Jury in Bike-Path Killer’s Case Stalls as It Considers Death Penalty

A Manhattan jury weighing the fate of Sayfullo Saipov, an Uzbek man who used a truck to kill eight people in a 2017 terrorist attack on a Hudson River bike path, told a judge on Monday afternoon that it was unable to reach a unanimous decision on whether Mr. Saipov should be sentenced to death or life imprisonment without the chance of release.

The judge, Vernon S. Broderick of Federal District Court, asked federal prosecutors and Mr. Saipov’s lawyers to confer on what should happen next, which could include the judge’s ordering the jurors to continue to deliberate in an effort to reach a unanimous decision.

Mr. Saipov’s lawyers, in a letter to the judge, opposed further deliberations. “Indeed,” the lawyers wrote, “a note expressing non-unanimity would require the court to dismiss the jury and impose a life sentence, rather than to direct the jury to continue deliberating.”

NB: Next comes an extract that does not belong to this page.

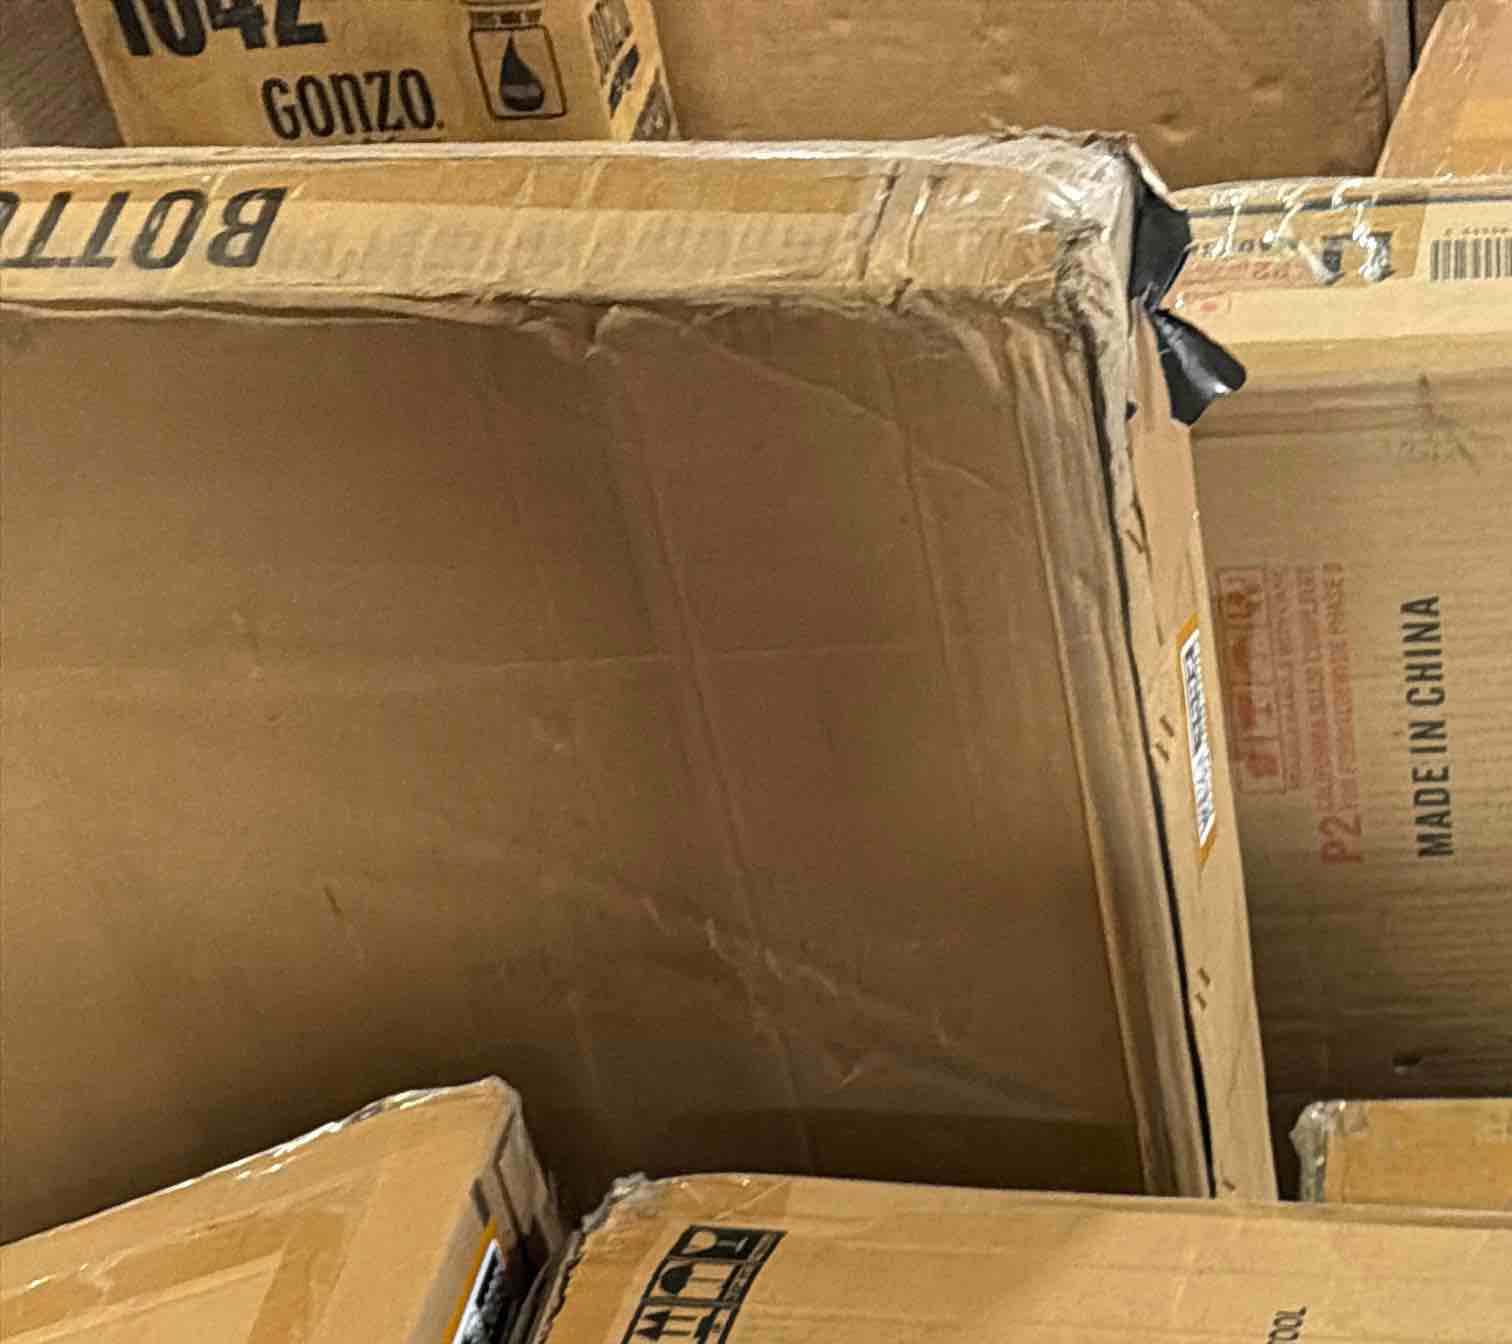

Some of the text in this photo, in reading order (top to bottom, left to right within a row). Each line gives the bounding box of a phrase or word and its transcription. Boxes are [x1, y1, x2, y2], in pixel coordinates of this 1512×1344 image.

[0, 186, 288, 270] BOTT
[1401, 595, 1454, 858] MADE IN CHINA

To direct the jury to continue to deliberate, the defense lawyers wrote, would be “inherently coercive” as it would “clearly pressure life-voting jurors to re-examine their votes, and signal to the death-voting ones to keep pressing until their fellow jurors fell in line.”

Prosecutors have asked the jury to impose the death penalty; a death sentence would require the unanimous votes of all 12 jurors.

The government, in a letter to the judge, did not propose that he give any particular instruction to the jury about continuing to deliberate, but prosecutors offered what they said were pertinent legal authorities on the issue.

The jury reported the impasse to the judge at around 2:15 p.m. on the second full day of deliberations in the case of Mr. Saipov, 35, who was convicted on Jan. 26 of all 28 counts he faced, including nine that carried a potential death sentence.

During the penalty phase of the trial, which began on Feb. 13, the government presented emotional testimony from victims and survivors of the attack, while Mr. Saipov’s lawyers called various members of Mr. Saipov’s family to testify, in an attempt to humanize him before the jury.

Six of the eight fatalities were victims from Argentina and Belgium; the other two were a 23-year-old software engineer from Manhattan and a 32-year-old financial worker from New Jersey.

This is a breaking story and will be updated.